Fakta pula nan memberikan semacam derajat pada pemberitaan. Apakah warta itu layak disimak atau buang saja ke tong sampah. Karena tak ada orang nan mau dibohongi. Kecuali satu hal. Ketika nan fiktif itu dikabarkan sebagai warta baru sebab khilaf editornya atau kebobolan redaksinya maka tak dapat disangkal, itu tetap menjadi warta baru.
Misalkan tragedi Silet, nan mengabarkan hal aktual mengenai bala Gunung Merapi melalui sudut pandang paranormal. Tentu saja hal itu aktual dan masuk ke dalam warta baru. Namun, tak faktual sebab tak berdasarkan fakta. Sebagian nilai-nilai warta tersebut dapat jadi tak berlaku universal.

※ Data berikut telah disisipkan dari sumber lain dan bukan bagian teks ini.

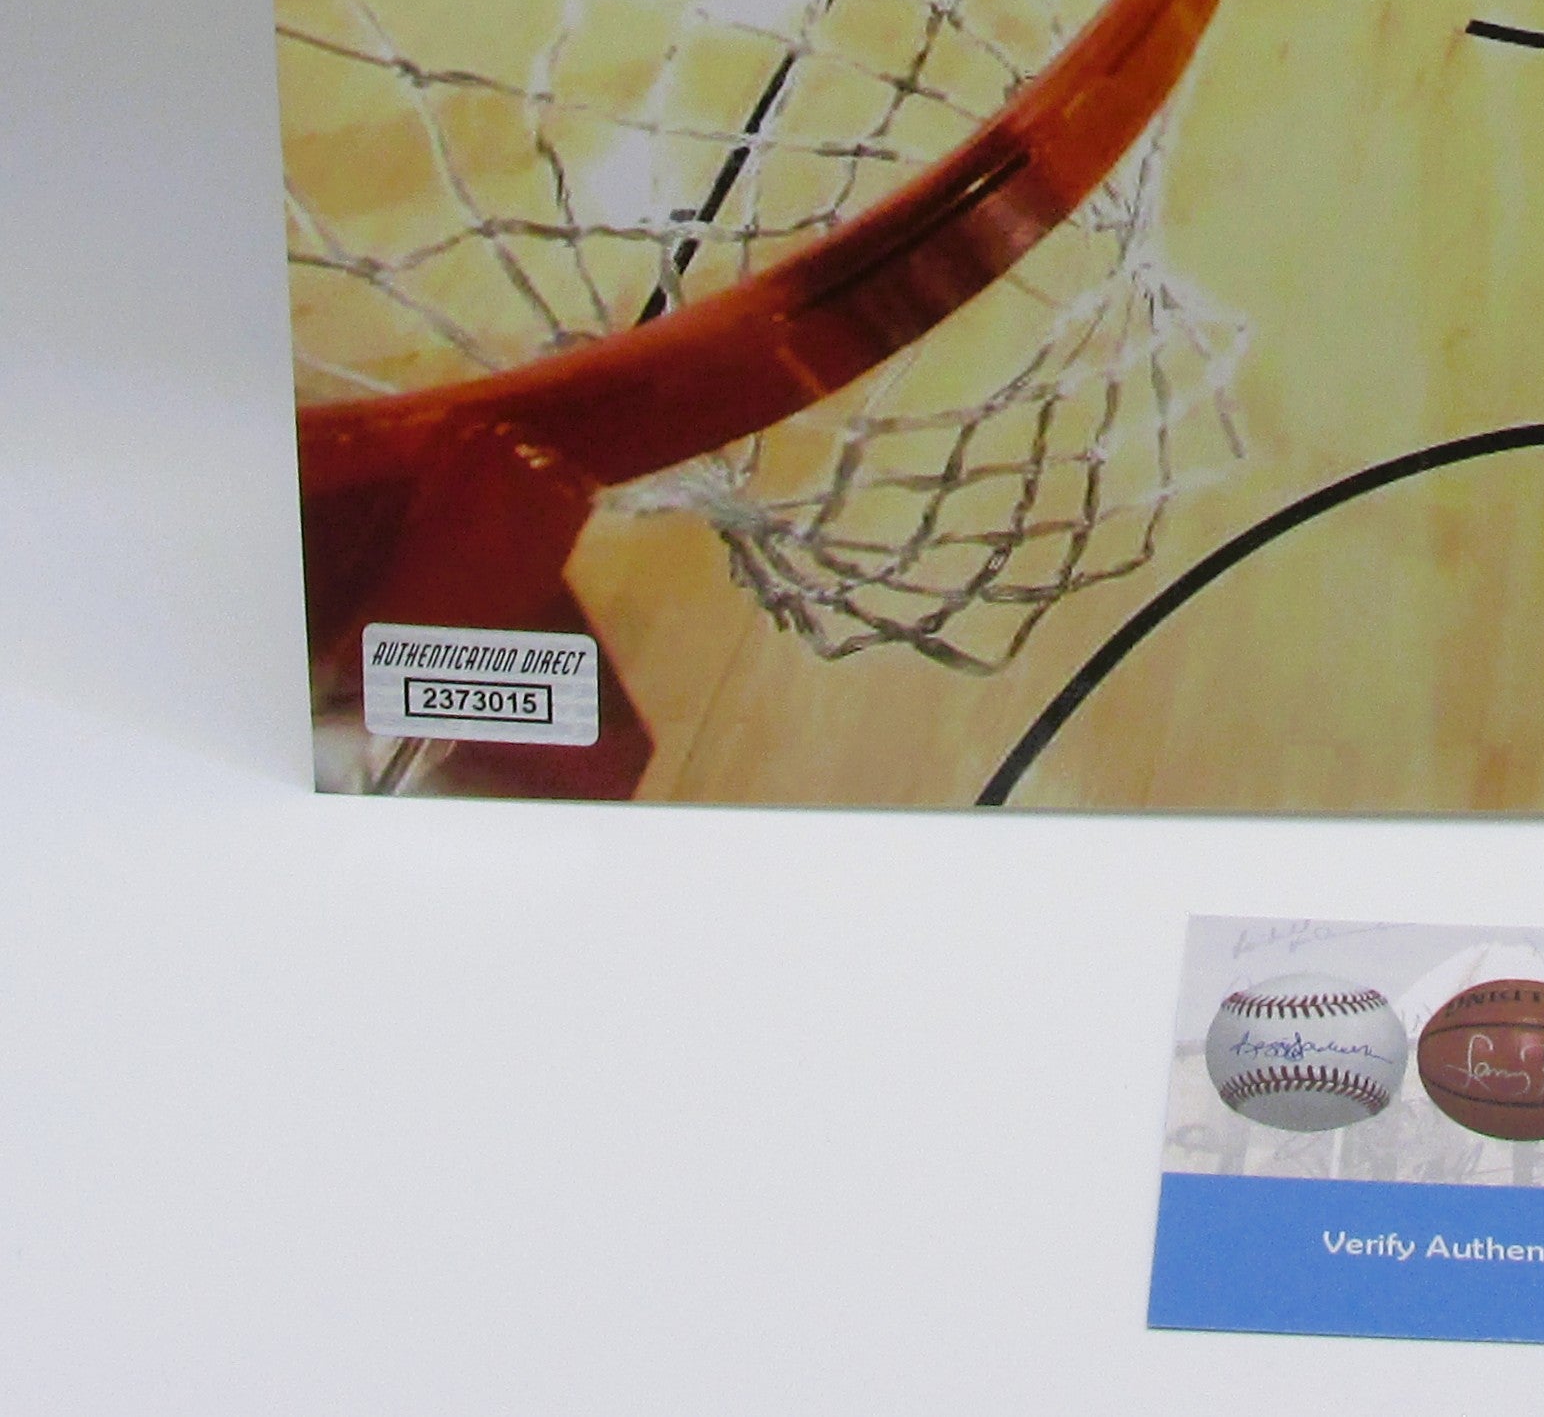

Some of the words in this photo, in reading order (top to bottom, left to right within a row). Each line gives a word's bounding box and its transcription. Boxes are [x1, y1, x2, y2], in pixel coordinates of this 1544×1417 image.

Ada kemungkinan, suatu peristiwa dipandang bernilai warta oleh suatu media namun dinilai dinilai tak layak muat oleh media lain.
Bahkan, nilai-nilai warta di satu negara dengan negara lainnya dapat jadi berbeda. Jack Lule misalnya, menulis artikel khusus, dalam buku Handbook for Third World Journalists (USA, 1987), tentang nilai-nilai warta di tiga negara: Global Pertama (negara-negara liberal), Global Kedua (negara-negara komunis, atau negara nan fasis pretensi liberal), dan Global Ketiga (negara-negara maju). Tentu saja evaluasi Hester pada 1987, itu penulis aktualkan (atau tepatnya kritik) isinya, sebagaimana nan terjadi di masa millenium, yaitu sebagai berikut.
Dunia Pertama. Nilai-nilai warta di Global Pertama ialah aktualitas, kedekatan jarak, tokoh atau tentang orang penting, peristiwa luar biasa atau keanehan, mengandung human interest, dan pertentangan. Artinya, global pertama lebih menginginkan adanya berita baru. Umumnya berlangsung di negara nan demokrasinya tengah panas, biasanya begitu banyak nilai interest, pada negara di mana demokrasinya selalu hayati dan menggeliat, seperti Indonesia, atau Prancis.
Dunia Kedua. Nilai-nilai warta di Global Kedua ialah selain aktualitas, dekatnya peristiwa, dengan penampilan tokoh atau sebab adanya makna dari ideologis negaranya (misalkan sejalan dengan kepentingan partai penguasa, misalkan filsafat Maois, atau filsafat Kim Jong Il, atau sejalan dengan prinsip kapitalisme pasar modal).
Contohnya ialah kegiatan partai komunis Korea dan Cina nan selalu tertutup di zaman Internet. Selain itu, warta di AS tentang perang negaranya dengan negara miskin, kegagahan nasionalisme tipu daya pada rakyatnya sendiri, sebagaimana nan digambarkan oleh Michael Moore dalam Fahrenheit, atau Sicko.
Dunia Ketiga. Harusnya inilah nilai-nilai warta nan ideal. Karena menomorduakan aktualitas atau kebaruan. Selain itu lebih mementingkan, faktualitas dan di Global Ketiga nan krusial ialah pembangunan (kemajuan program pemerintah, membuat jalan baru, pembangunan ekonomi), tanggungjawab sosial (kesatuan nasional, stabilitas, kepentingan negara), integritas nasional, serta pendidikan (informasi kesehatan, pertanian, kegiatan kebudayaan). Contoh pemberitaan serba positif, misalkan di Jepang, Swedia, atau di banyak negara nan sedikit terjadi konflik politik kepentingan klik.